Pandemia agravou quadro
A Covid-19 pode ter contribuído para o aumento de motoristas dirigindo sob efeito de
álcool no estado do Rio. Pelo menos é o que acredita o coordenador operacional da ‘Lei Seca’, Arthur Barbosa. Segundo ele, o resultado recorde de flagrantes reflete tanto a ampliação da quantidade de equipes atuando na ‘Lei Seca’ quanto o aumento no hábito de consumo de álcool durante a pandemia. “Nós tivemos
a abertura de todos os eventos pós-pandemia e a população veio com esse hábito de beber muito durante a pandemia, e não respeitou a regra principal, que é ‘se beber, não dirija’. Além disso, nós aumentamos a nossa equipe de fiscalização de 15 para 30 equipes, ou seja, dobramos o nosso efetivo, e isso veio a trazer maior capilaridade, maior fiscalização pela cidade”, justificou.
Arthur Barbosa também ressalta que no ano passado a operação investiu em ações educativas para conscientizar os jovens do perigo da combinação bebida e direção. “A nossa equipe de educação está percorrendo todos os municípios do estado, nas escolas primeiramente estaduais, fazendo uma campanha educativa com o público-alvo, os alunos do ensino médio, conscientizando de forma dura, para que esses alunos não venham a cometer os mesmos erros que os nossos adultos estão cometendo hoje”, disse.

Guarda Municipal de Volta Redonda vai atuar com bafômetro
E é bom que os volta-redondenses que gostam de tomar umas e depois sair dirigindo fiquem mais atentos. É que a Guarda Municipal passará a utilizar um etilômetro (bafômetro, grifo nosso) em suas operações. Como o aQui revelou na edição passada, a GM concluiu, em 19 de janeiro, a compra do equipamento para usar nas suas operações pela cidade. Pagou exatos R$ 17.637,77. Atualmente, em caso de acidentes de trânsito ou blitz, quando os agentes suspeitam de que um motorista está dirigindo embriagado, a GM tem que levar o suspeito até Barra do Piraí.
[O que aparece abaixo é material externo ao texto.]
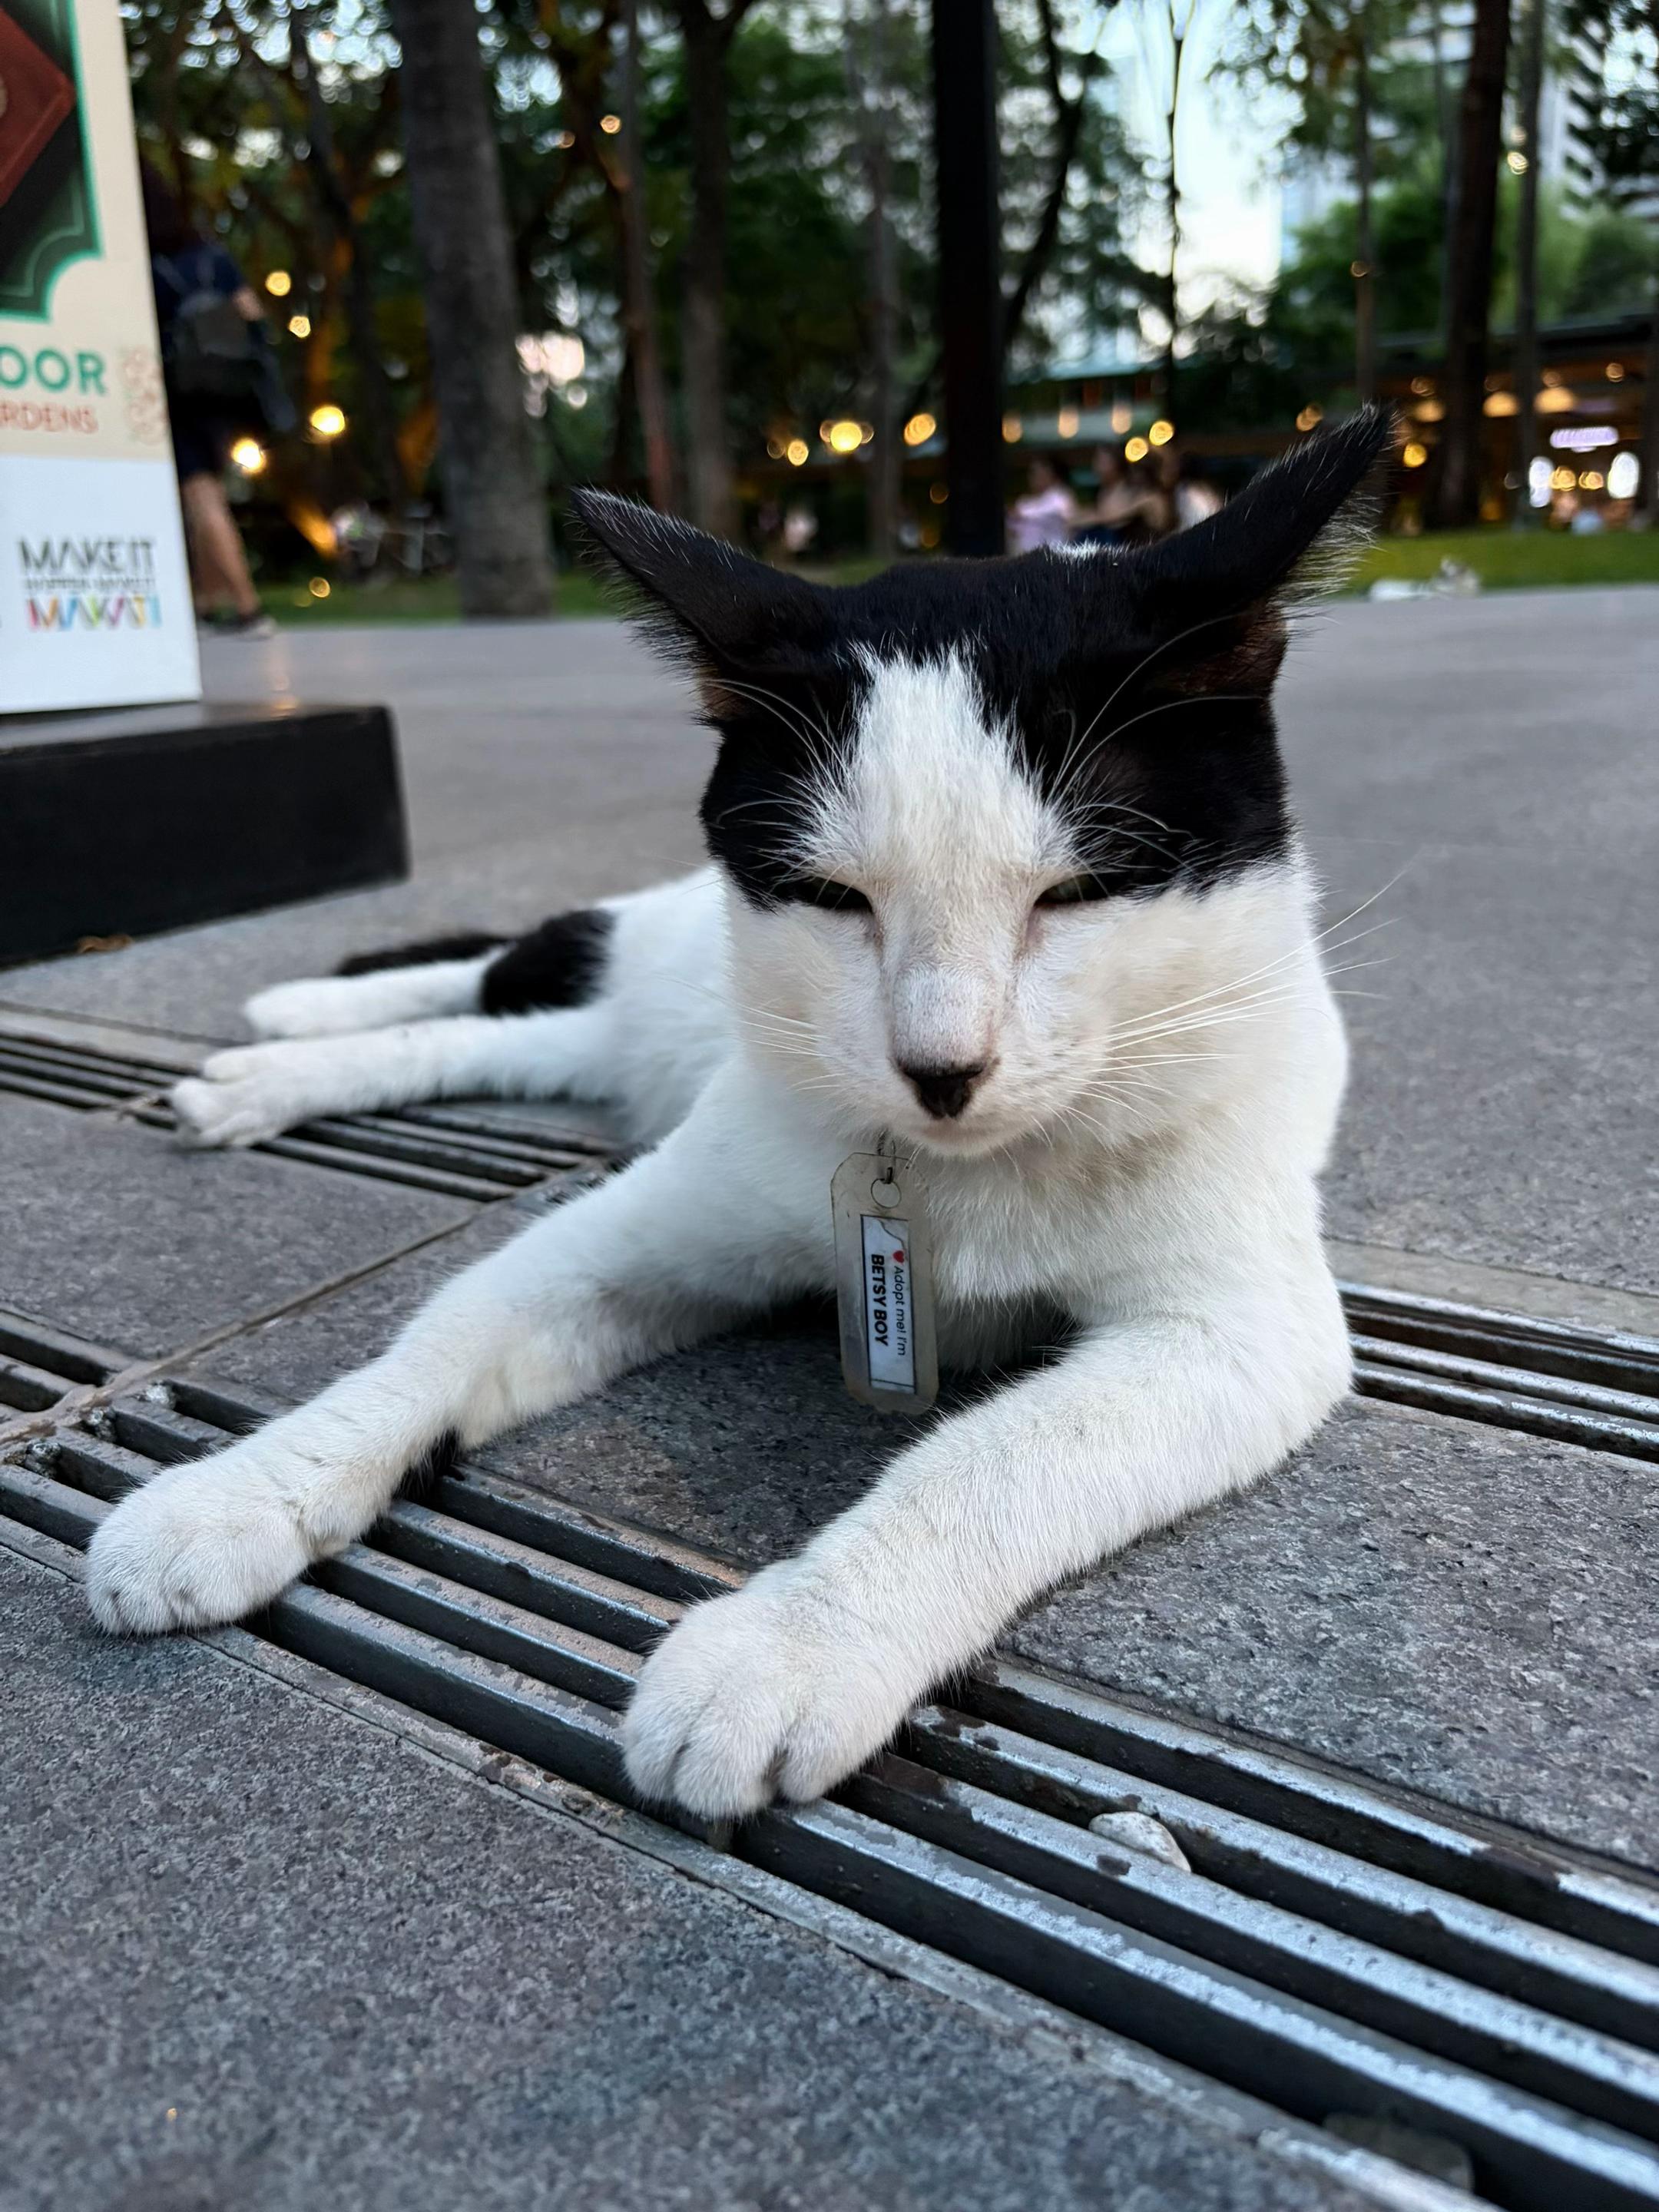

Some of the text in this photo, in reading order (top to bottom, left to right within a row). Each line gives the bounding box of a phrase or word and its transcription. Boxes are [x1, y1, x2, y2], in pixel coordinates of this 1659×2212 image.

[871, 1253, 889, 1347] BETSY BOY
[892, 1266, 908, 1356] Adopt me! I'm
“Os recursos (bafômetro e bocais descartáveis) solicitados serão utilizados de acordo com os seguintes objetivos: manter as ações de fiscalização de trânsito, evitando a necessidade do deslocamento dos agentes da Guarda Municipal até a base da PRF, localizado em Dorândia, distrito de Barra do Piraí, para a aferição do teor alcoólico de condutores de veículos automotores, abordados ou envolvidos em acidente de trânsito”, explicou o comando da GM.
Pelo edital de compra, com o etilômetro será possível apoiar as ações de fiscalização de trânsito, suprindo o déficit das áreas operacionais da Guarda Municipal. “E possibilitar o apoio adequado a ações conjuntas com outras forças de segurança pública, como PMERJ, Polícia civil, Polícia Federal, Polícia Rodoviária Federal, quando solicitado. E proporcionar aos Guardas Municipais condições adequadas no exercício de suas funções”, detalha o documento.